在 go 里头,由于有 goroutine 的存在,因此如何为每个线程去开启采样也是比较麻烦的。

当前是在 execute 函数中 hook,当每次调度 goroutine 到新的 m 上去运行的时候,就会为当前线程设置。

func execute(gp *g, inheritTime bool) {
    mp := getg().m

    if goroutineProfile.active {
       // Make sure that gp has had its stack written out to the goroutine
       // profile, exactly as it was when the goroutine profiler first stopped
       // the world.
       tryRecordGoroutineProfile(gp, osyield)
    }

    // Assign gp.m before entering _Grunning so running Gs have an
    // M.
    mp.curg = gp
    gp.m = mp
    casgstatus(gp, _Grunnable, _Grunning)
    gp.waitsince = 0
    gp.preempt = false
    gp.stackguard0 = gp.stack.lo + stackGuard
    if !inheritTime {
       mp.p.ptr().schedtick++
    }

    // Check whether the profiler needs to be turned on or off.
    hz := sched.profilehz
    if mp.profilehz != hz {
       setThreadCPUProfiler(hz)
    }

    trace := traceAcquire()
    if trace.ok() {
       // GoSysExit has to happen when we have a P, but before GoStart.
       // So we emit it here.
       if !goexperiment.ExecTracer2 && gp.syscallsp != 0 {
          trace.GoSysExit(true)
       }
       trace.GoStart()
       traceRelease(trace)
    }

    gogo(&gp.sched)
}

当接受到信号的时候, 可以通过 ucontect 访问中断时候的寄存器以及堆栈信息。

signalHandler(int signo, siginfo_t* siginfo, void* ucontext)

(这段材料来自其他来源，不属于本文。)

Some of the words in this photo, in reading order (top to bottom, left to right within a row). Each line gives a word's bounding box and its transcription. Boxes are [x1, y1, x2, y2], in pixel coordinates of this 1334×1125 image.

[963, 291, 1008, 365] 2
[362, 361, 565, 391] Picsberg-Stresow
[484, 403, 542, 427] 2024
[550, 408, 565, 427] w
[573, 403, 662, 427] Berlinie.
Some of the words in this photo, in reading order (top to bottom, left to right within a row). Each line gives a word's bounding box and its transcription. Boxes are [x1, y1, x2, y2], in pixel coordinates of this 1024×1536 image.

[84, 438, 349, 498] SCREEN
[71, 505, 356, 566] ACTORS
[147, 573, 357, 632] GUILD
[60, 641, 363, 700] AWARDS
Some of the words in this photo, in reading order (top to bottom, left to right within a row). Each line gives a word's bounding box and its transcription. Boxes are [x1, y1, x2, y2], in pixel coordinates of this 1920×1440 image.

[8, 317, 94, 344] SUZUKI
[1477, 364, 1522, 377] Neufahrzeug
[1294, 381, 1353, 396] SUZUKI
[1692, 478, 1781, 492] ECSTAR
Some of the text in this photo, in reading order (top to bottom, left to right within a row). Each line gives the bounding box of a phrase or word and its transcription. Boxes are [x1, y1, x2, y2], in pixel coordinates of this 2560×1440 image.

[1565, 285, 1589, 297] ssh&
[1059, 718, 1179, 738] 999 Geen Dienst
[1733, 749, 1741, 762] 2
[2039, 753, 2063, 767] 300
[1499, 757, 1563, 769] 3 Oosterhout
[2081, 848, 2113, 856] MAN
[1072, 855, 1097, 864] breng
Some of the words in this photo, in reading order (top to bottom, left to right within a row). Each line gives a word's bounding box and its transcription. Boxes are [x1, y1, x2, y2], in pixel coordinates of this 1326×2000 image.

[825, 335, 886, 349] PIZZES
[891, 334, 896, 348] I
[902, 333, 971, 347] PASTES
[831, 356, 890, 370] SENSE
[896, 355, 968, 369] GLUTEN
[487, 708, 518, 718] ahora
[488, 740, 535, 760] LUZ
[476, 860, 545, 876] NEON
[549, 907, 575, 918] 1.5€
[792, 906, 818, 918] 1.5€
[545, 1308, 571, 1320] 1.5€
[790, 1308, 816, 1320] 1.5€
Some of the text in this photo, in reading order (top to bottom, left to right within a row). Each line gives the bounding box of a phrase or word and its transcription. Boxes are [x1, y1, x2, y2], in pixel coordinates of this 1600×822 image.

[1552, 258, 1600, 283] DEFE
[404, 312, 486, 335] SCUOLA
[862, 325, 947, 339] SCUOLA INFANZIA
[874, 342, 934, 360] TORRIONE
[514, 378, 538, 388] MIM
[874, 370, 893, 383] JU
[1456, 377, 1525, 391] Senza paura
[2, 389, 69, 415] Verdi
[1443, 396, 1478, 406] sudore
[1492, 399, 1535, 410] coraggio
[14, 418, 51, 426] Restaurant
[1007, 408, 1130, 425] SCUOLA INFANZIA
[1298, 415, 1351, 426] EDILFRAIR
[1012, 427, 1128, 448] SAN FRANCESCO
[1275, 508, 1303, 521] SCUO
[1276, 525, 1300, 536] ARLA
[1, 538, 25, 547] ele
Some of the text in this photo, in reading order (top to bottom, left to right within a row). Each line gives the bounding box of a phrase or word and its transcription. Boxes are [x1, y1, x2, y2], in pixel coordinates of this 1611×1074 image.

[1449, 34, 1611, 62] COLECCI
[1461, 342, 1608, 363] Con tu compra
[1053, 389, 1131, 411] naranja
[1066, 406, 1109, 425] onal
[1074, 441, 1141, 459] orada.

在 java 中,语言没有内置,而是通过一个外部的线程去为其他的线程设置。

在 cpuEngine 中。 首先找到当前的所有线程:

int CpuEngine::createForAllThreads() {
    int result = EPERM;

    ThreadList* thread_list = OS::listThreads();
    for (int tid; (tid = thread_list->next()) != -1; ) {
        int err = createForThread(tid);
        if (isResourceLimit(err)) {
            result = err;
            break;
        } else if (result != 0) {
            result = err;
        }
    }
    delete thread_list;

    return result;
}

同时,还要添加一个 thread_hook,为新启动的线程 create_timer:

bool CpuEngine::setupThreadHook() {
    if (_pthread_entry != NULL) {
        return true;
    }

    if (!VM::loaded()) {
        static void* dummy_pthread_entry;
        _pthread_entry = &dummy_pthread_entry;
        return true;
    }

    // Depending on Zing version, pthread_setspecific is called either from libazsys.so or from libjvm.so
    if (VM::isZing()) {
        CodeCache* libazsys = Profiler::instance()->findLibraryByName("libazsys");
        if (libazsys != NULL && (_pthread_entry = libazsys->findImport(im_pthread_setspecific)) != NULL) {
            return true;
        }
    }

    CodeCache* lib = Profiler::instance()->findJvmLibrary("libj9thr");
    return lib != NULL && (_pthread_entry = lib->findImport(im_pthread_setspecific)) != NULL;
}

添加 pthread_setspecific_hook 在 pthread_setspecific 上:

// Intercept thread creation/termination by patching libjvm's GOT entry for pthread_setspecific().
// HotSpot puts VMThread into TLS on thread start, and resets on thread end.
static int pthread_setspecific_hook(pthread_key_t key, const void* value) {
    if (key != VMThread::key()) {
        return pthread_setspecific(key, value);
    }
    if (pthread_getspecific(key) == value) {
        return 0;
    }

    if (value != NULL) {
        int result = pthread_setspecific(key, value);
        CpuEngine::onThreadStart();
        return result;
    } else {
        CpuEngine::onThreadEnd();
        return pthread_setspecific(key, value);
    }
}

然后该函数会在 perf_event 中 以及 ctimer_linux 中使用。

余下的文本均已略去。